Immediately, I had to start the hydration process again: IV fluids, water, and gatorade. But the only way I could stay hydrated was with the help of the doctor-administered infusions. This meant that every day for that week I had to spend four hours hooked up to an IV. My dehydration was so severe, it was difficult for nurses to find usable blood vessels. Additionally, I was now unable to drive and had to depend on friends to drive me to and from the treatments.
I became so discouraged. Going for hydration every day was exhausting. I wanted to get back to my regular twice-weekly schedule with the oncologist, but I couldn’t because everything in my system was low and critical. I simply couldn’t keep food and water in on my own.
At the end of that week, my doctor recommended Hoist.
My wife took me all over town looking for this drink. We finally found it at a stop-and-shop gas station right outside of downtown Dallas. Immediately I bought all the bottles of Hoist this store had. But then I had to keep searching for stores that carried Hoist. Fortunately, some very good friends at my church started buying me Hoist and bringing it home to me.
It wasn’t long before my vitals changed. My kidney function improved and my supply of good blood cells skyrocketed. I was even able to return to my regular treatments of receiving chemo and medication just two days a week. This has been my schedule now for almost a year. And although the meds dry me out, they do kill cancer cells.

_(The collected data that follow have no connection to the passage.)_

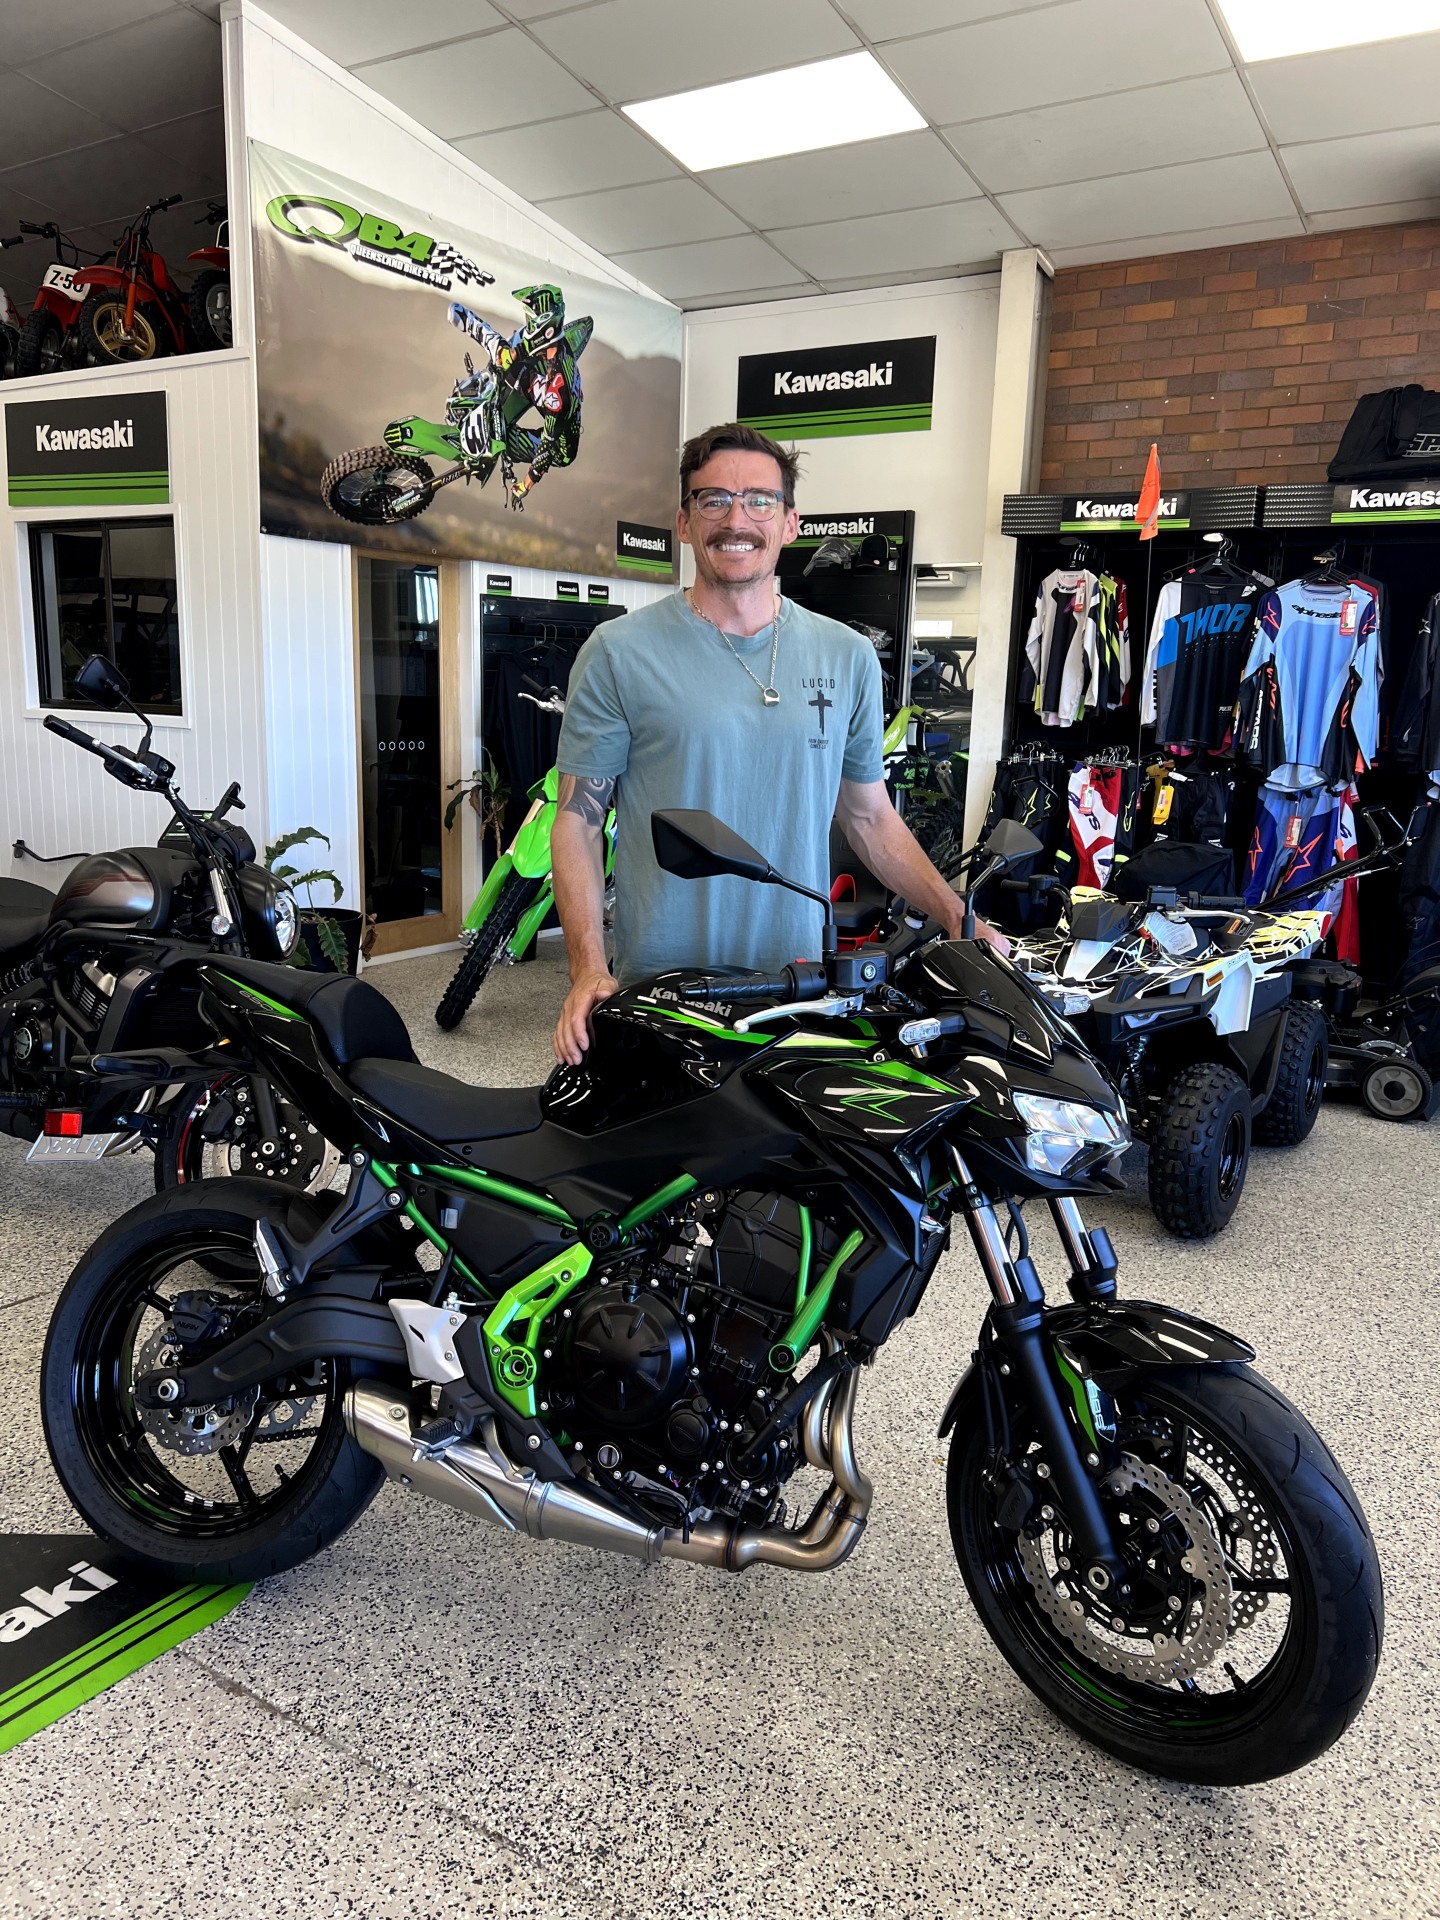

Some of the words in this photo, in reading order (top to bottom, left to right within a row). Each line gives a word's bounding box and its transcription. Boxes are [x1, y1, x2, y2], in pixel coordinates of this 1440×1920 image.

[266, 195, 434, 262] QB4
[350, 243, 404, 271] QUEENSLAND
[403, 263, 424, 279] BIKE
[429, 272, 450, 286] 4WD
[774, 362, 893, 395] Kawasaki
[36, 419, 134, 452] Kawasaki
[1075, 498, 1178, 518] Kawaki
[623, 533, 666, 552] Kawasaki
[489, 579, 510, 587] Kawasaki
[558, 585, 578, 593] Kawasaki
[589, 588, 608, 596] Kawasaki
[1180, 603, 1252, 645] THOR
[801, 677, 836, 690] LUCID

As I continued to drink Hoist, however, I improved, and I was eventually able to lower the amount of saline I needed to receive. I went from two bags of saline down to a half or a quarter of a bag. Hoist has helped me more than I can say. With my cancer, I must stay hydrated, and drinking Hoist does that for me.
Now, almost a year later, I keep a bottle of Hoist near me at all times: in my car, one at my desk—During our conversation, I actually have four bottles right here next to me. Anytime you see me, I will be holding a Hoist in my hand. I proudly display Hoist everywhere: the doctor’s office, the clinic where I get chemo, my church. I love it. I just can’t believe my good fortune in finding a product that tastes so good and keeps me hydrated.
So how are you now?
Well, in January I received a biopsy to check my progress. From that report, we learned that I went from having 90% cancer cells in my bone marrow down to 30%. I’m presently receiving my last phase of chemo, so there’s just a little bit more to go!

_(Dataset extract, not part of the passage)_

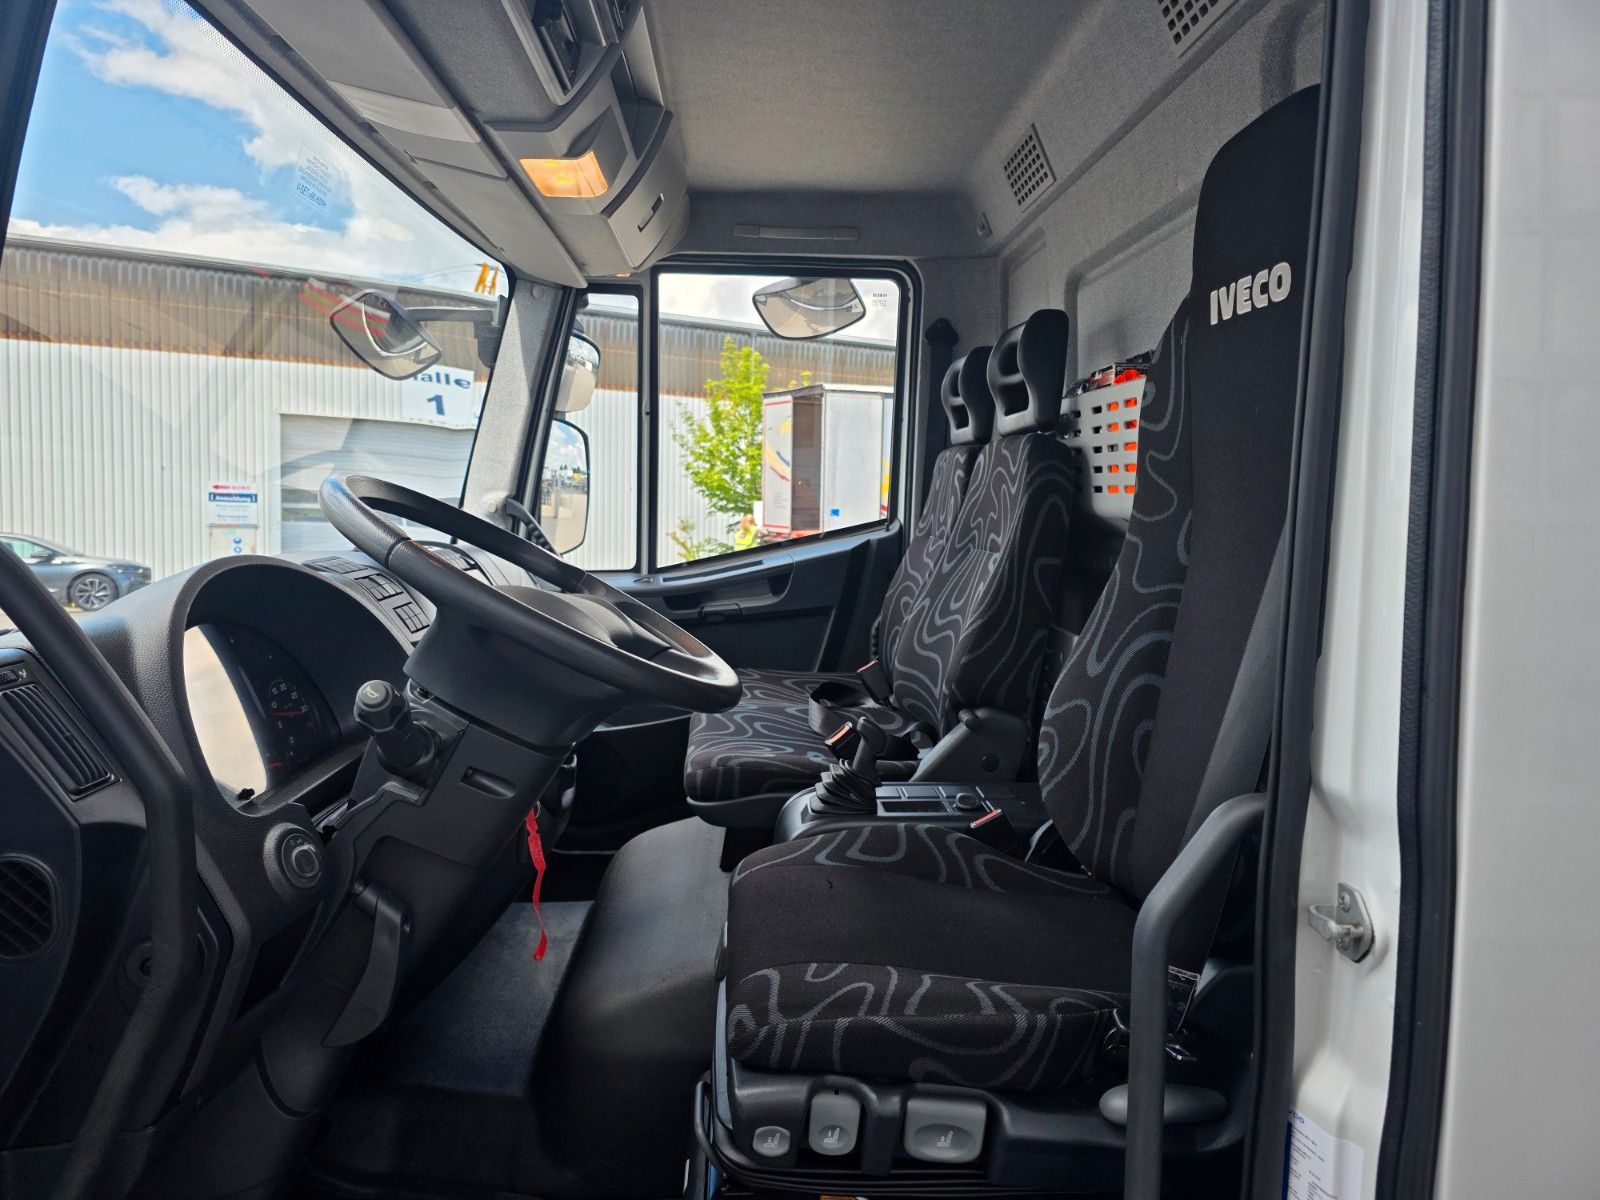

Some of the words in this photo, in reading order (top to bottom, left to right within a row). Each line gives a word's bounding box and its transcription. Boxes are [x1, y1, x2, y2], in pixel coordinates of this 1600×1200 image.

[1210, 261, 1292, 325] IVECO
[413, 371, 471, 389] alle
[427, 394, 445, 416] 1

I’m also at a stage where I feel very good, and in my body, I feel no pain or nausea. In fact, I have energy today.
For anyone in cancer treatment, it helps to have great people supporting you. In fact, that’s how I got personally connected to Hoist. My friend who emailed you was part of my church’s prayer program. At that time, everyone was pitching in to buy me cases of Hoist so I wouldn’t run out. It has been unbelievable the way friends have cared for me. They have shared my story with people I’ve never met, and I have been receiving prayers and well wishes from people all over the state. My tennis buddies will call me from time to time too, to check on me when they don’t see me on the courts. It’s amazing. Things are so much better now, and there’s hope on my horizon.
After I complete the current chemo cycle (hopefully within the next three or four months), I will be back in touch with my bone marrow specialist. At that time, he will reevaluate my progress and I should either be in remission or go forward with a bone marrow transplant.
I know that I don’t want to go back to being dehydrated. Those times I fell or had to be hospitalized really set me back. In fact, I believe that I would be closer to full health now if the dehydration hadn’t occurred which caused my lab reports to be so low. It happened quickly and now I know that I can’t allow myself to be dehydrated again.
Hoist has helped me so much and it has been a real blessing. This product, which was completely unknown to me at one time, is now an essential part of life.